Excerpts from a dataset

◇ ◇ ◇ ◇

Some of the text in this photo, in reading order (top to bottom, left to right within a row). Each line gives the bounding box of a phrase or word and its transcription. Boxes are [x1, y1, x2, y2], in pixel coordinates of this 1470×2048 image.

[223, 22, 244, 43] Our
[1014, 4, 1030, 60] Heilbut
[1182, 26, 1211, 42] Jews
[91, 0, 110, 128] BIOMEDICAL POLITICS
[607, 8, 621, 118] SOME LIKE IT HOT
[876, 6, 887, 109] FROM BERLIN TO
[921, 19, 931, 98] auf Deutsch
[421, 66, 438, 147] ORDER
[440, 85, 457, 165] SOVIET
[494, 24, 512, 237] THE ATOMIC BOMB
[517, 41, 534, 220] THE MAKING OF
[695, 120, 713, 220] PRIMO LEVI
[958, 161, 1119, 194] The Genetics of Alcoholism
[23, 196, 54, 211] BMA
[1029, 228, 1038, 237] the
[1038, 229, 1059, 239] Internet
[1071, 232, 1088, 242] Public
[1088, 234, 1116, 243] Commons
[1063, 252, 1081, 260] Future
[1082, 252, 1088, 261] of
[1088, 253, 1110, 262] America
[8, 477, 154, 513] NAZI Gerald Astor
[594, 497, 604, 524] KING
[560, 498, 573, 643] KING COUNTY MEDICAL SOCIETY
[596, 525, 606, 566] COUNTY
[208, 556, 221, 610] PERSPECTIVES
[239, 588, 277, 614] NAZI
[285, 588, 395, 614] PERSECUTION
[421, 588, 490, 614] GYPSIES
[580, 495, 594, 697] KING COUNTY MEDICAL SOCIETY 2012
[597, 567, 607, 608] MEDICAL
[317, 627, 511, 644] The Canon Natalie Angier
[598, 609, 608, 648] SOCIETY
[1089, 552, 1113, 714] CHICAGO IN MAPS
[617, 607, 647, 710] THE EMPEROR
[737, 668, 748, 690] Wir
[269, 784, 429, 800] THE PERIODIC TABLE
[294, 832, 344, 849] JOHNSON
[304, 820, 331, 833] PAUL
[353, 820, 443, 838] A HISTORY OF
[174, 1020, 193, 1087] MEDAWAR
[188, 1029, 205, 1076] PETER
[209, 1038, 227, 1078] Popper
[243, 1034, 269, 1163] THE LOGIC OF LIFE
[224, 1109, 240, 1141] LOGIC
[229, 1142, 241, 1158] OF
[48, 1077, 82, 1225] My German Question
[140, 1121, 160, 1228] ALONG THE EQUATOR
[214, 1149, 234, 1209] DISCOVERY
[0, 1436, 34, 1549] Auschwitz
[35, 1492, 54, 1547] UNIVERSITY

◇ ◇ ◇ ◇

§ Activity: Once you have read the data, copy all of it out exactly.

§ Problem solution:
Some of the text in this photo, in reading order (top to bottom, left to right within a row). Each line gives the bounding box of a phrase or word and its transcription. Boxes are [x1, y1, x2, y2], in pixel coordinates of this 1470×2048 image.

[223, 22, 244, 43] Our
[1014, 4, 1030, 60] Heilbut
[1182, 26, 1211, 42] Jews
[91, 0, 110, 128] BIOMEDICAL POLITICS
[607, 8, 621, 118] SOME LIKE IT HOT
[876, 6, 887, 109] FROM BERLIN TO
[921, 19, 931, 98] auf Deutsch
[421, 66, 438, 147] ORDER
[440, 85, 457, 165] SOVIET
[494, 24, 512, 237] THE ATOMIC BOMB
[517, 41, 534, 220] THE MAKING OF
[695, 120, 713, 220] PRIMO LEVI
[958, 161, 1119, 194] The Genetics of Alcoholism
[23, 196, 54, 211] BMA
[1029, 228, 1038, 237] the
[1038, 229, 1059, 239] Internet
[1071, 232, 1088, 242] Public
[1088, 234, 1116, 243] Commons
[1063, 252, 1081, 260] Future
[1082, 252, 1088, 261] of
[1088, 253, 1110, 262] America
[8, 477, 154, 513] NAZI Gerald Astor
[594, 497, 604, 524] KING
[560, 498, 573, 643] KING COUNTY MEDICAL SOCIETY
[596, 525, 606, 566] COUNTY
[208, 556, 221, 610] PERSPECTIVES
[239, 588, 277, 614] NAZI
[285, 588, 395, 614] PERSECUTION
[421, 588, 490, 614] GYPSIES
[580, 495, 594, 697] KING COUNTY MEDICAL SOCIETY 2012
[597, 567, 607, 608] MEDICAL
[317, 627, 511, 644] The Canon Natalie Angier
[598, 609, 608, 648] SOCIETY
[1089, 552, 1113, 714] CHICAGO IN MAPS
[617, 607, 647, 710] THE EMPEROR
[737, 668, 748, 690] Wir
[269, 784, 429, 800] THE PERIODIC TABLE
[294, 832, 344, 849] JOHNSON
[304, 820, 331, 833] PAUL
[353, 820, 443, 838] A HISTORY OF
[174, 1020, 193, 1087] MEDAWAR
[188, 1029, 205, 1076] PETER
[209, 1038, 227, 1078] Popper
[243, 1034, 269, 1163] THE LOGIC OF LIFE
[224, 1109, 240, 1141] LOGIC
[229, 1142, 241, 1158] OF
[48, 1077, 82, 1225] My German Question
[140, 1121, 160, 1228] ALONG THE EQUATOR
[214, 1149, 234, 1209] DISCOVERY
[0, 1436, 34, 1549] Auschwitz
[35, 1492, 54, 1547] UNIVERSITY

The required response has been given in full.